Pivô de crise com Brasil deu golpe pró-Trump

Pivô de crise com Brasil deu golpe pró-Trump
- Perez é da família anti-cubana da Flórida. Reprodução

O mentor de um golpe pró-Trump?
Ele não é apenas um servidor fiel do MAGA: Daniel Perez, líder da assembleia legislativa da Flórida, faz parte de um grupo de políticos próximos a Marco Rubio que o secretário de Estado está encaixando em cargos-chave para exercer seu poder contando com fidelidade total.
Perez alega que foi indicado embaixador dos Estados Unidos no Brasil sem consulta. Em entrevista, confirmou que foi pego de surpresa, que não fala português e visitou o Brasil uma única vez, cerca de duas décadas atrás.
Washinton alega que o Brasil está retardando a indicação. Brasília diz que está seguindo os trâmites.

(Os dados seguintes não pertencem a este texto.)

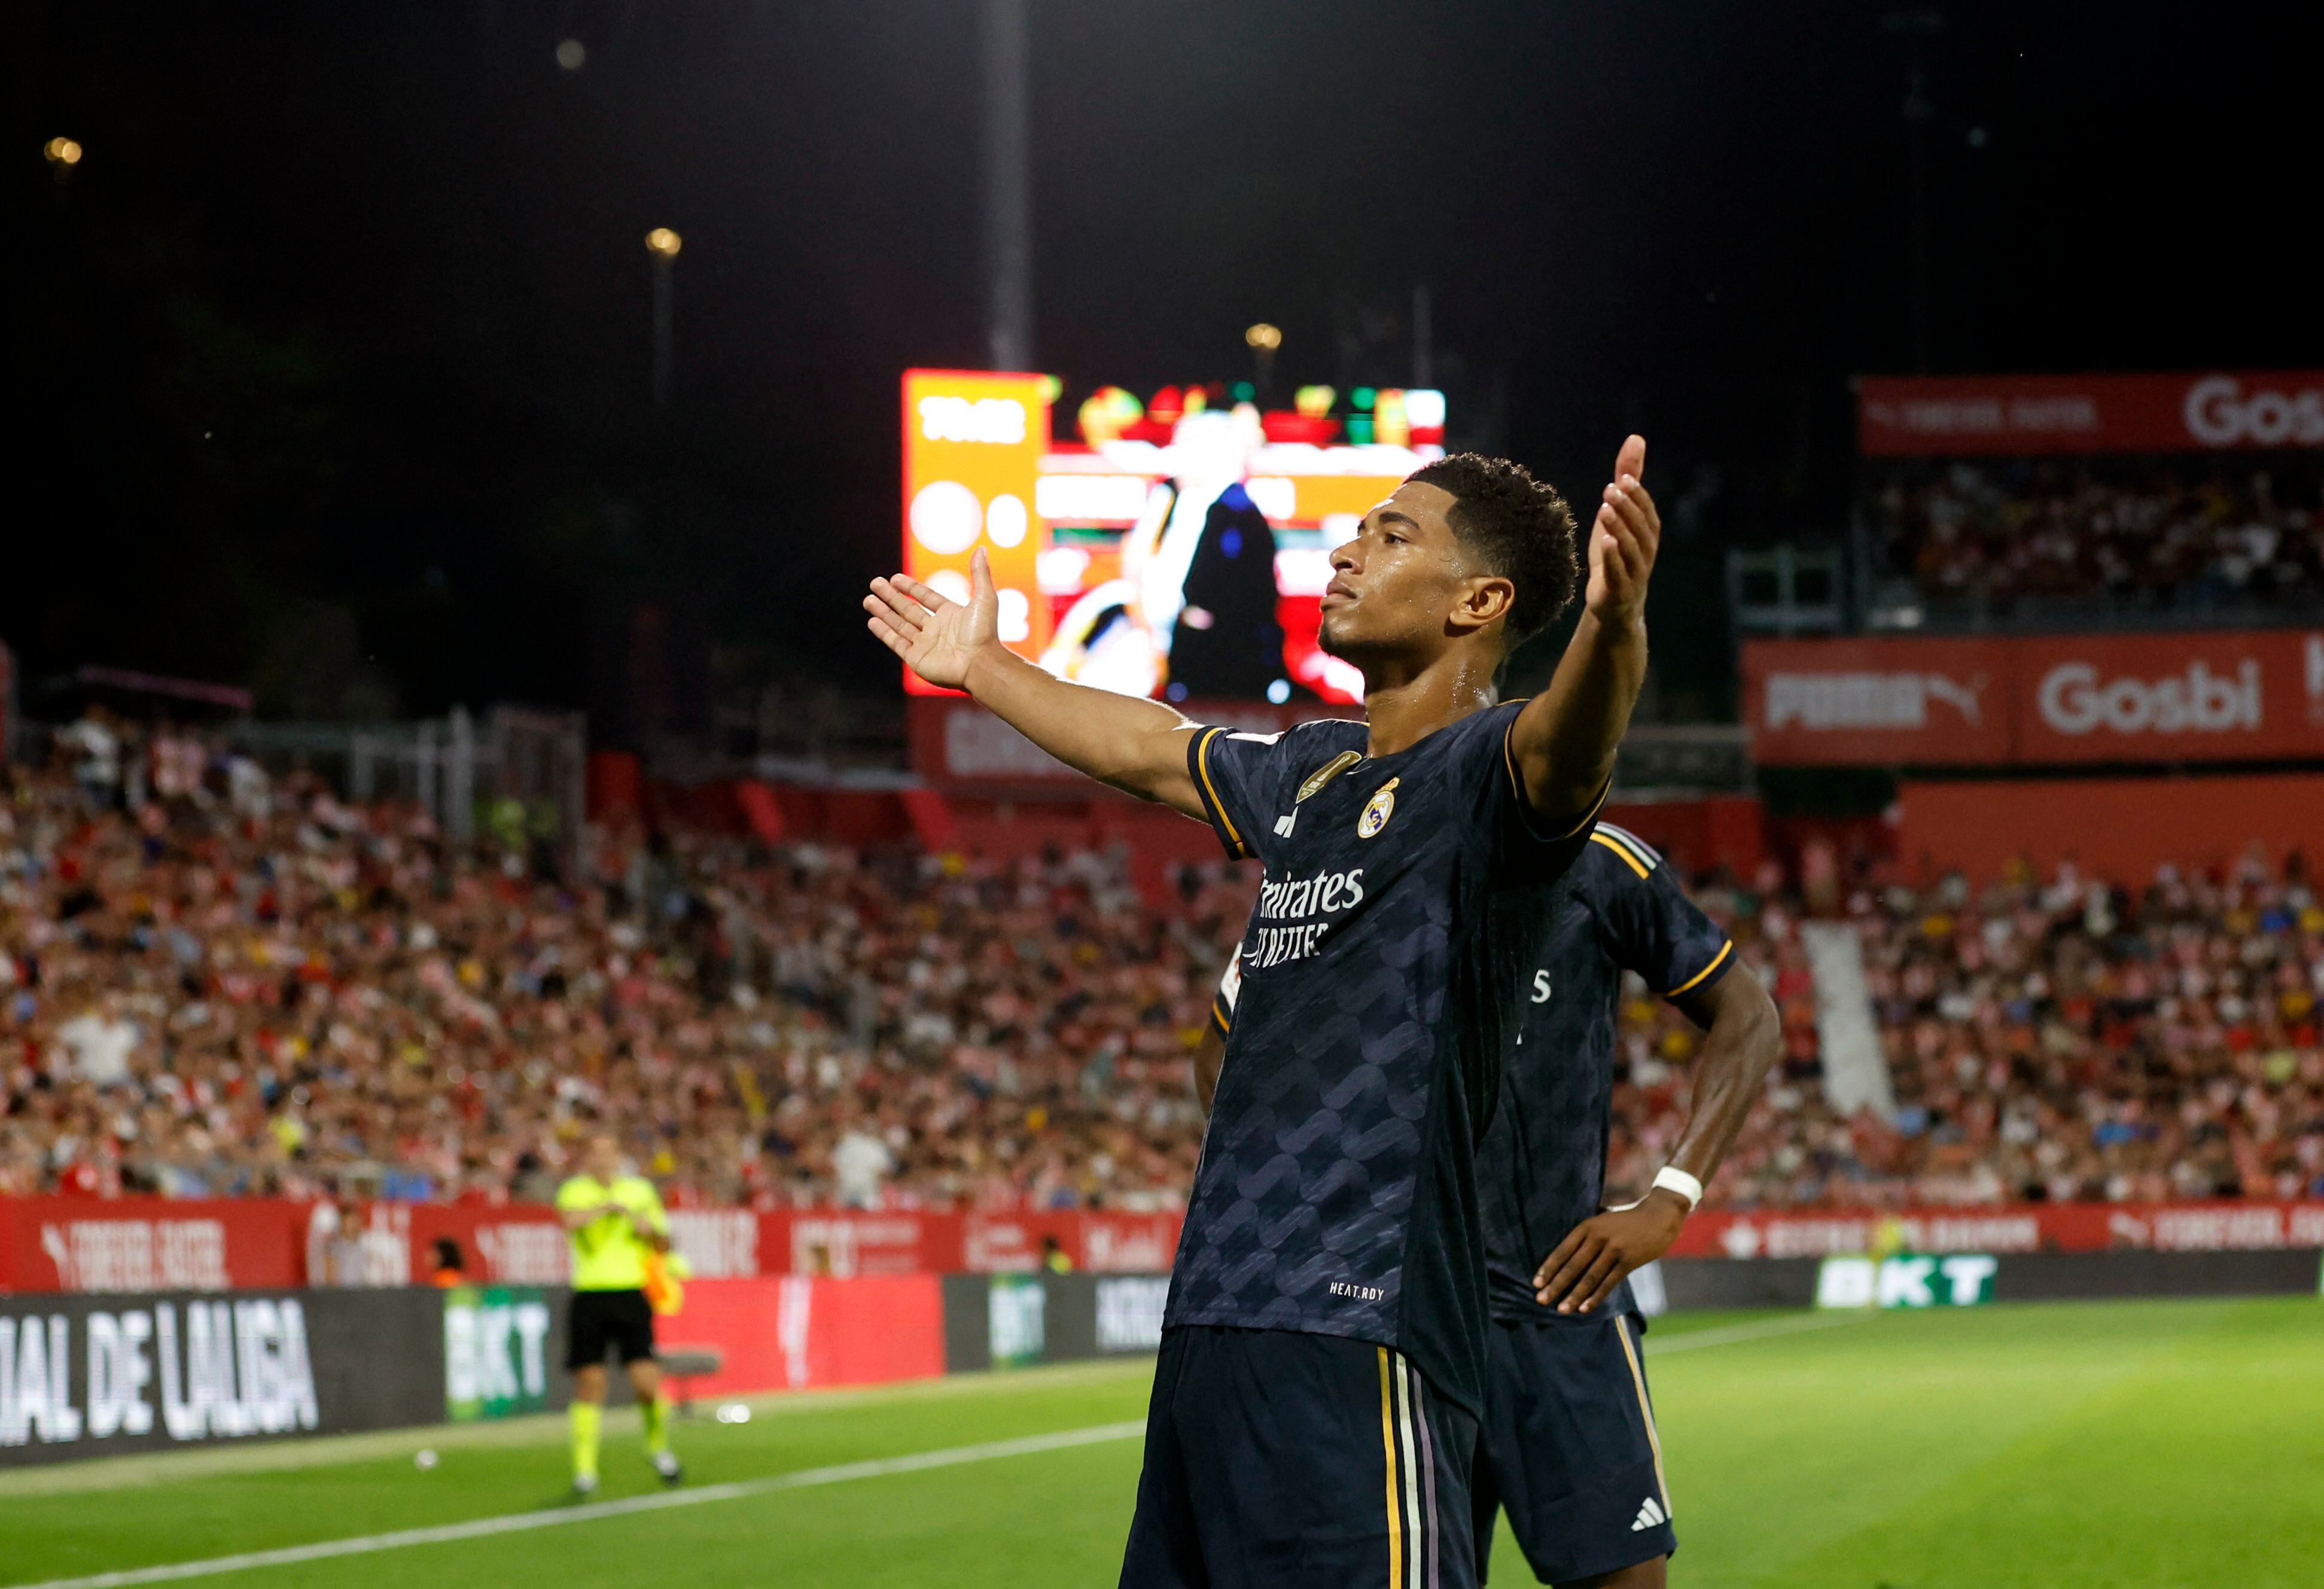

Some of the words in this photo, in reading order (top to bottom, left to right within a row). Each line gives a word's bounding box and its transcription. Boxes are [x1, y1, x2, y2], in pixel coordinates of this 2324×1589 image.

[2037, 659, 2260, 735] Gosbi
[1260, 867, 1364, 919] mirates
[1330, 1281, 1384, 1301] HEAT.RDY
[1817, 1255, 1998, 1309] BKT
[87, 1310, 154, 1438] DE

Ao suspender o visto da embaixadora do Brasil em Washington, o governo Trump mostra que tem pressa: quer o embaixador instalado já durante a campanha eleitoral de 2026.
Grande vitória local
Os serviços prestados por Perez a Donald Trump são óbvios. No comando da assembleia da Flórida, ele instituiu a comissão que tratou de redesenhar os distritos eleitorais do estado, dando aos republicanos a chance de ganhar mais quatros vagas na Câmara Federal.
Trump está desesperado para manter o controle do Congresso na segunda metade do mandato.

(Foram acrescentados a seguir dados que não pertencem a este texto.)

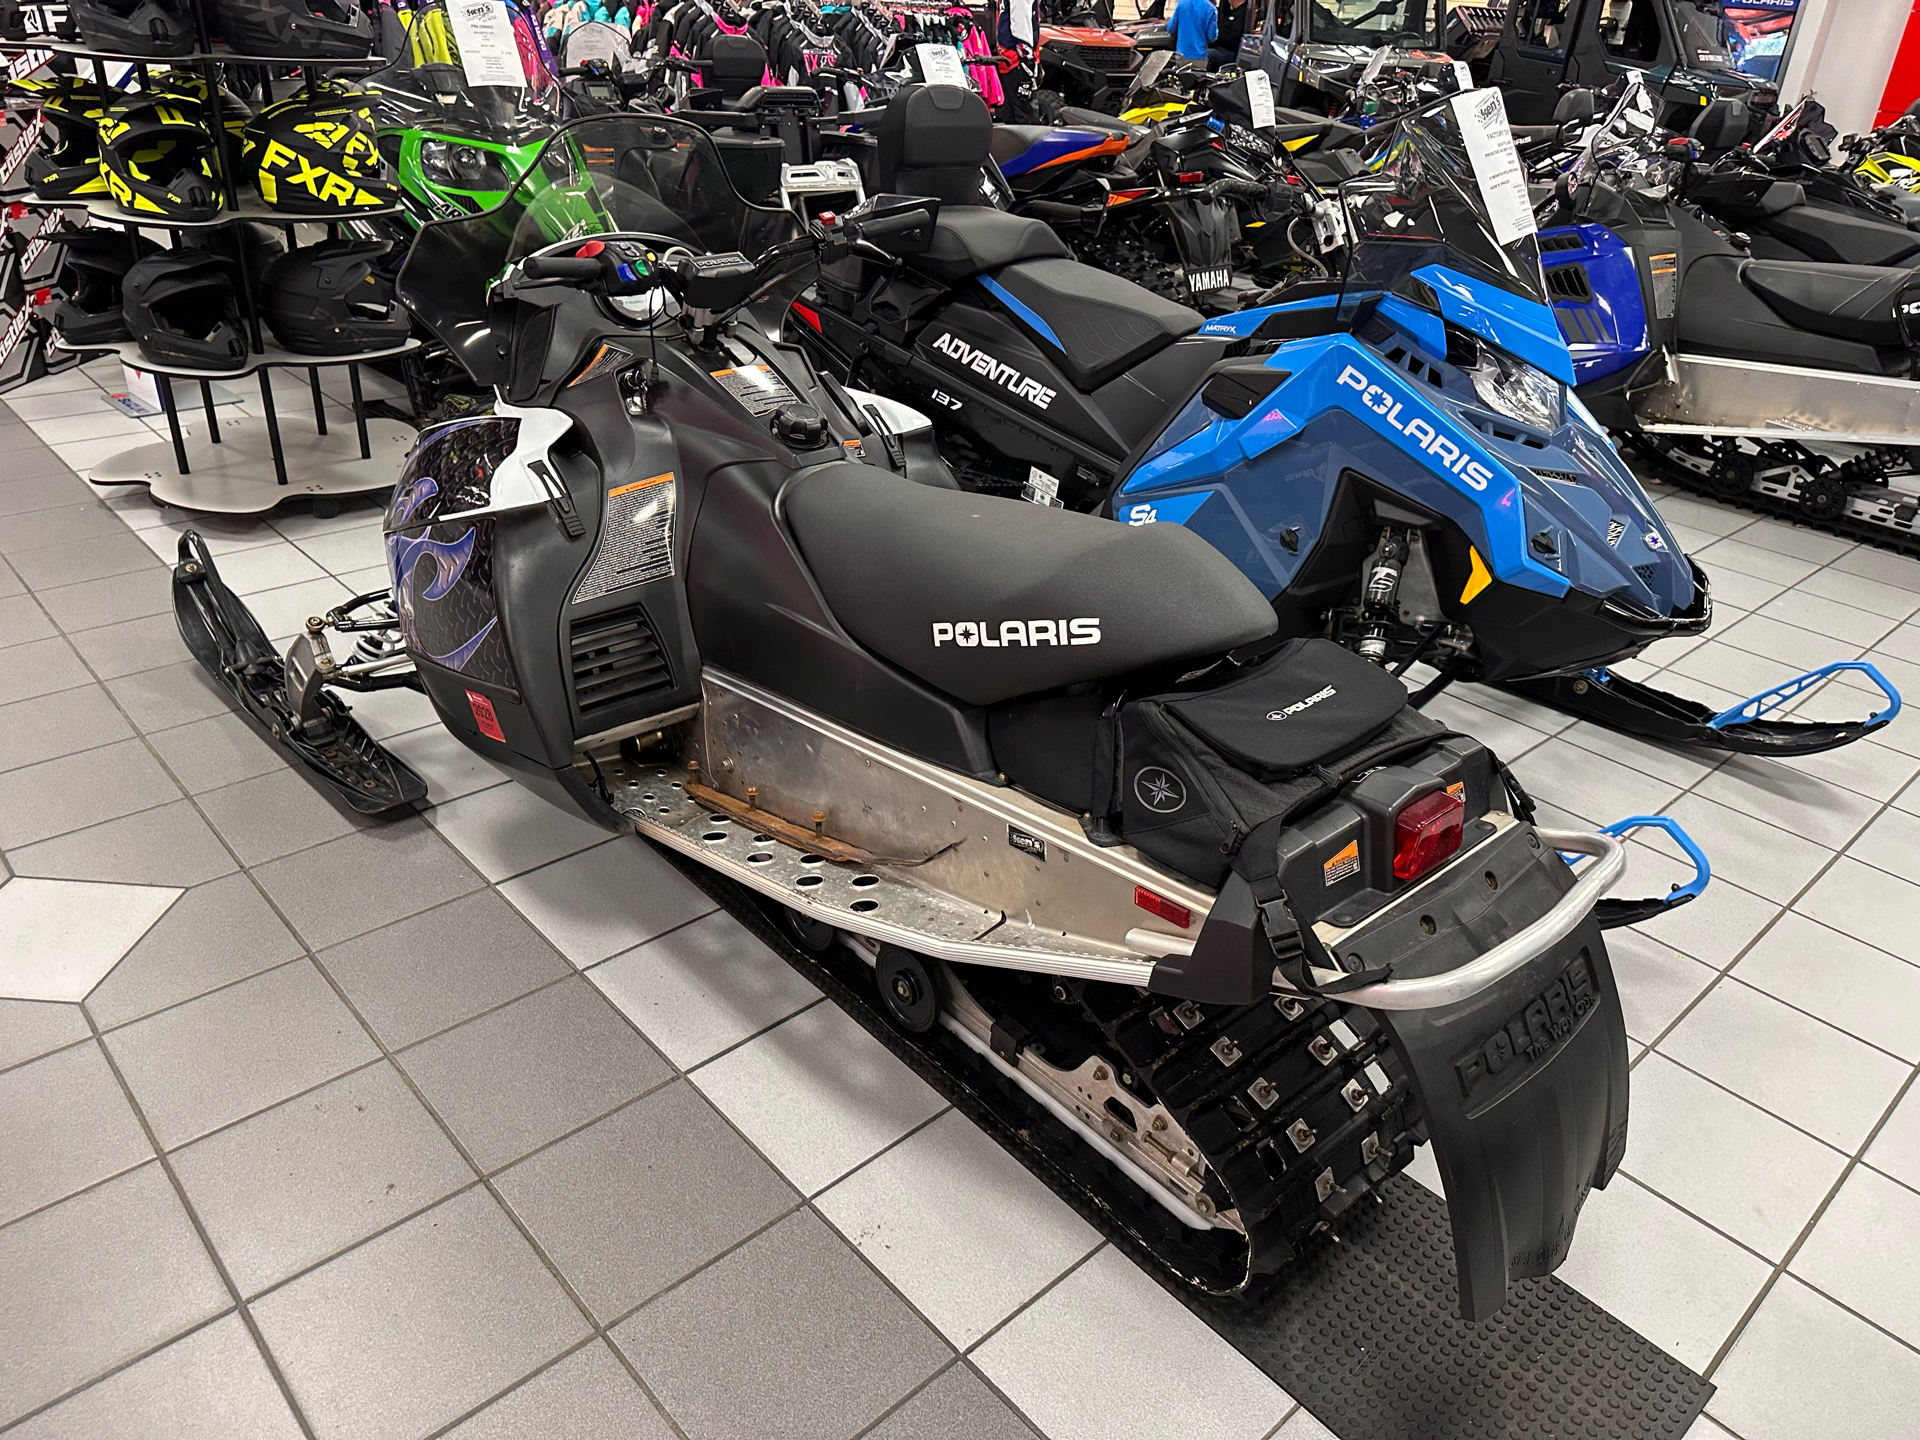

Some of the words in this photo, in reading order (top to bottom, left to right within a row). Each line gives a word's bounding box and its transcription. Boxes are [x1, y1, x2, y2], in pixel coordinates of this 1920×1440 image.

[43, 173, 59, 184] FXR
[258, 139, 356, 207] FXR
[167, 192, 182, 204] FXR
[696, 256, 742, 268] POLARIS
[1188, 268, 1230, 293] YAMAHA
[1204, 324, 1237, 334] MATRYX
[932, 332, 1058, 411] ADVENTURE
[931, 388, 964, 411] 137
[1335, 364, 1495, 492] POLARIS
[1128, 503, 1159, 527] S4
[932, 617, 1102, 648] POLARIS
[1282, 684, 1338, 715] POLARIS
[1454, 958, 1596, 1098] POLARIS
[1524, 1038, 1550, 1062] The
[1549, 1013, 1575, 1042] Way

Ele tem aprovação abaixo de 40 por cento e pode perder o controle das duas Casas.
Por isso, encomendou a aliados que mexessem no desenho dos distritos, rearranjados de forma a dispersar eleitores negros, por exemplo.
A prática, conhecida como gerrymandering, pode render aos republicanos de 10 a 16 vagas na Câmara. Hoje a vantagem do partido de Trump é de apenas seis votos, considerando as vagas em aberto e os independentes.
Perez é quarto cubano-americano indicado por Marco Rubio para embaixadas no Exterior.
Os integrantes desta comunidade na Flórida são fortemente conservadores, anti-comunistas e agitadores em defesa do MAGA.
Rubio é tão próximo de Perez que ambos fizeram exatamente a mesma carreira política no Estado.
Trump deu a Rubio o controle total do portfolio da América Latina, que seu governo pretende “reconquistar” amplamente — de acordo com a nova estratégia endossada por ambos. O controle, obviamente, passa pelo Brasil.